You can discuss stuff like what you think of it, if you think you will want to join one, ideas for committees, etc...


----------



## UltraByte (Jul 16, 2007)

So, anybody can join these?


----------



## Tyler (Jul 16, 2007)

OOooooold news.   
B)			

But I still like my idea but I'm not TBT staff I suppose. D=


----------



## dragonflamez (Jul 16, 2007)

OddCrazyMe said:
			
		

> OOooooold news.   
B)
> 
> But I still like my idea but I'm not TBT staff I suppose. D=


 Ollld news.
I'm too cool to have news. D:

I volunteer for New Members   
^_^


----------



## Jeremy (Jul 16, 2007)

OddCrazyMe said:
			
		

> OOooooold news.   
B)
> 
> But I still like my idea but I'm not TBT staff I suppose. D=


 It's not old.  But I did purposely leak this in skype a few days ago because I knew it would be announced anyway (if anyone's wondering what OCM's talking about).


----------



## UltraByte (Jul 16, 2007)

So.... Do we PM you what Committee we want to be in?


----------



## Jeremy (Jul 16, 2007)

UltraByte said:
			
		

> So.... Do we PM you what Committee we want to be in?

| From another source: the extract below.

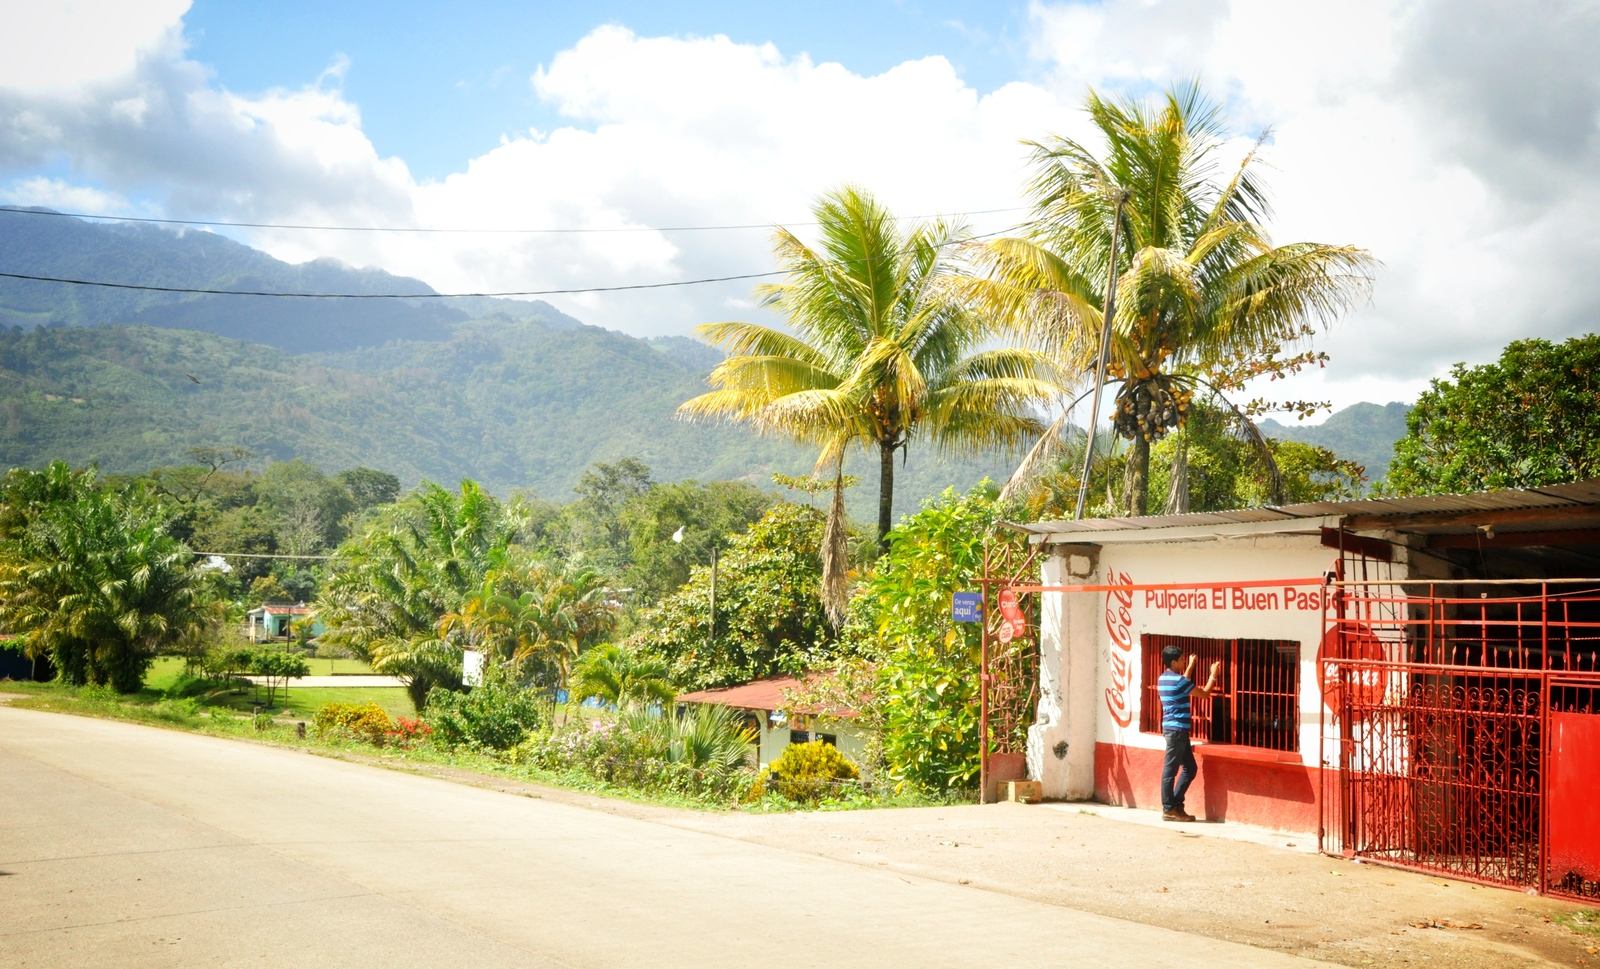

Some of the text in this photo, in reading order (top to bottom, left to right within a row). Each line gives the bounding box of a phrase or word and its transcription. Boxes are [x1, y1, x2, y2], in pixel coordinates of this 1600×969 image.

[1145, 588, 1207, 616] Pulpería
[1212, 587, 1227, 609] El
[1232, 587, 1278, 610] Buen

 No, like I said this isn't starting right now and that list was just ideas of possible committees.


----------



## UltraByte (Jul 16, 2007)

Oh, well, maybe you should have bolded that part. <_<


----------



## Tennis=Life (Jul 16, 2007)

If those committees were set I would be interested in the Advertising and New Members sections.


----------



## Jeremy (Jul 16, 2007)

Super_Naruto said:
			
		

> If those committees were set I would be interested in the Advertising and New Members sections.

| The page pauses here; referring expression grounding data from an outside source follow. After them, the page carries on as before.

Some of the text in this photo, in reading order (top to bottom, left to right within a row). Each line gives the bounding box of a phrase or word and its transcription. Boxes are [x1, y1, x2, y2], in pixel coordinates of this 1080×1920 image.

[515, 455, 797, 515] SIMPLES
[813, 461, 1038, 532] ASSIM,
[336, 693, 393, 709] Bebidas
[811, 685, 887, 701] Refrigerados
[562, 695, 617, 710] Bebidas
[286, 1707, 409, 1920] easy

 Advertising is probably going to be one of those that isn't going to happen until other things are done first.


----------



## Tennis=Life (Jul 16, 2007)

Oh, well then I'll probably go for the new members section.  Also, the "Active AC Discussion" committee isn't really a committee. That's just...a club or a combined thing, well it's a forum.


----------



## Fabioisonfire (Jul 16, 2007)

Hey, I'll join the committee of "Hazing New Members".


----------



## Jeremy (Jul 16, 2007)

Super_Naruto said:
			
		

> Oh, well then I'll probably go for the new members section.  Also, the "Active AC Discussion" committee isn't really a committee. That's just...a club or a combined thing, well it's a forum.

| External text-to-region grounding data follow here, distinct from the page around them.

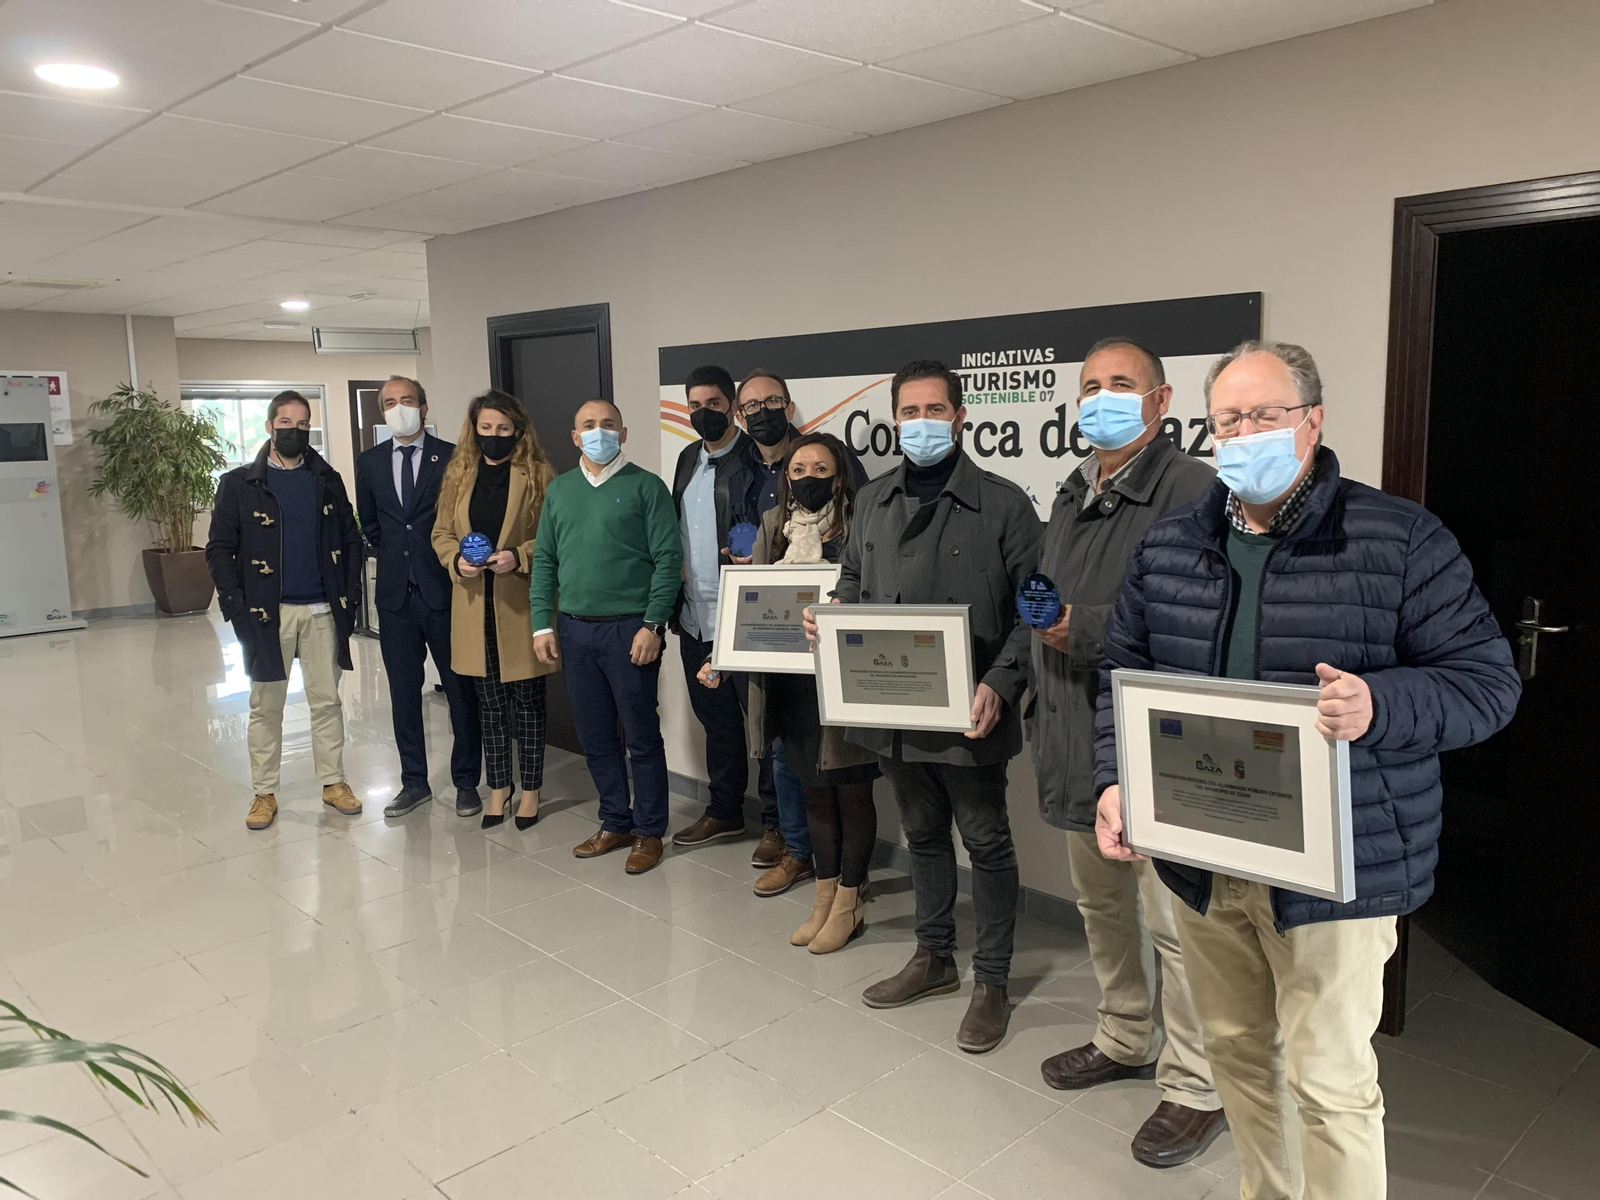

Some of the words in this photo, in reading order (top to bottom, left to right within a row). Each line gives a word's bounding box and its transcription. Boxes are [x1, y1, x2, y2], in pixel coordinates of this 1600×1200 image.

[961, 347, 1055, 368] INICIATIVAS
[960, 369, 1056, 392] TURISMO
[961, 391, 1036, 405] SOSTENIBLE
[1039, 390, 1055, 402] 07
[845, 408, 1023, 458] Corca
[1195, 760, 1223, 774] BAZA

 The goal is to keep AC discussions active at TBT and make sure there is enough AC stuff, etc...


----------



## UltraByte (Jul 16, 2007)

I'm interested in the TBT Events category, since everyone else is posting their 'jobs'.


----------



## Tennis=Life (Jul 16, 2007)

STORMCOMMANDER said:
			
		

> Super_Naruto said:
> 
> 
> 
> ...


 I know, but that can be a whole forum-wide thing, it doesnt have to be a committee and if it was...then those ppl in it should be in other committees too.

Also...maybe advertising should be part of the New Member section??? Because first you have to bring the members in before they're new members.


----------



## Jeremy (Jul 16, 2007)

Super_Naruto said:
			
		

> STORMCOMMANDER said:
> 
> 
> 
> ...


 It's not a forum-wide group, only some people are in it.  And people are allowed to be in more than one.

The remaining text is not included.